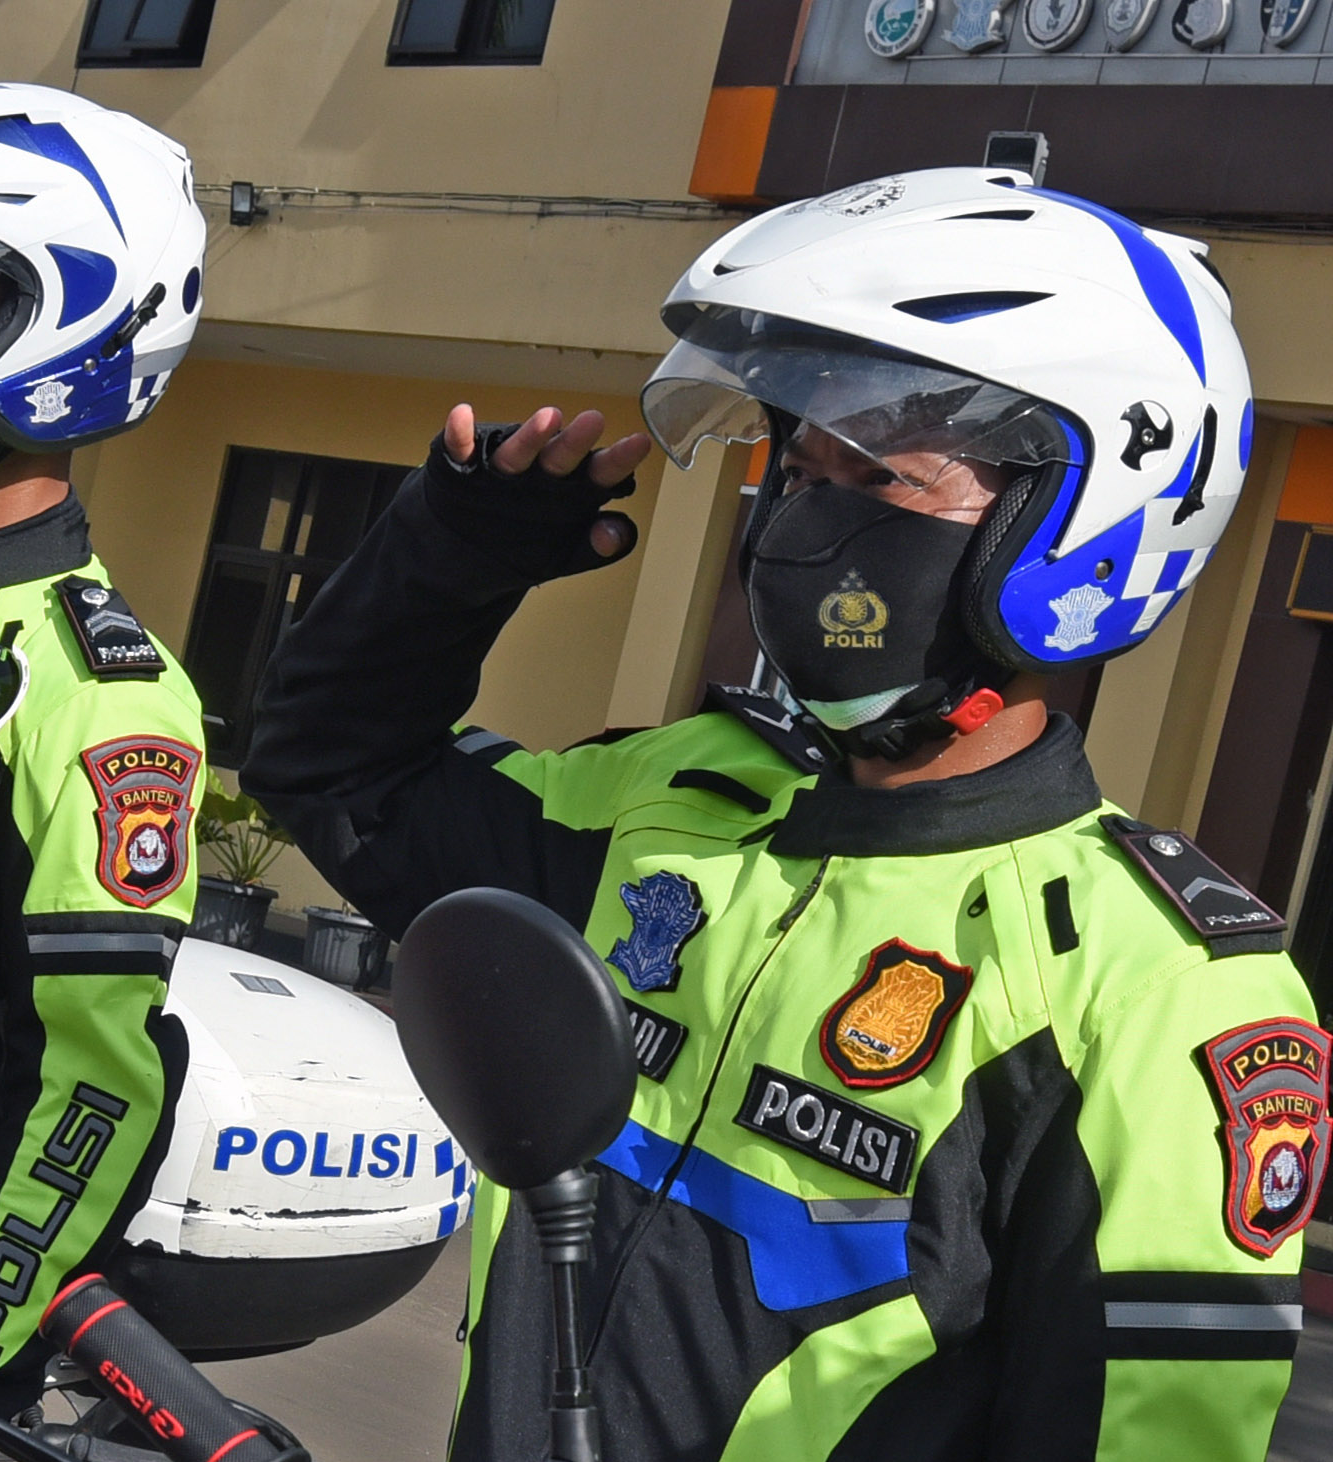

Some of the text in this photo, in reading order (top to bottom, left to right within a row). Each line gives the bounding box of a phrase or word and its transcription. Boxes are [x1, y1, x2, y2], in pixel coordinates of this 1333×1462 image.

[823, 632, 885, 650] POLRI
[106, 750, 182, 777] POLDA
[122, 789, 175, 807] BANTEN
[1231, 1038, 1318, 1081] POLDA
[1252, 1094, 1315, 1118] BANTEN
[751, 1080, 903, 1182] POLISI
[212, 1125, 419, 1179] POLISI

> YOUR ASSIGNMENT: All lines above must be repeated exactly, and the pictures must be omitted.

> ANSWER TO THE PROBLEM:
Some of the text in this photo, in reading order (top to bottom, left to right within a row). Each line gives the bounding box of a phrase or word and its transcription. Boxes are [x1, y1, x2, y2], in pixel coordinates of this 1333×1462 image.

[823, 632, 885, 650] POLRI
[106, 750, 182, 777] POLDA
[122, 789, 175, 807] BANTEN
[1231, 1038, 1318, 1081] POLDA
[1252, 1094, 1315, 1118] BANTEN
[751, 1080, 903, 1182] POLISI
[212, 1125, 419, 1179] POLISI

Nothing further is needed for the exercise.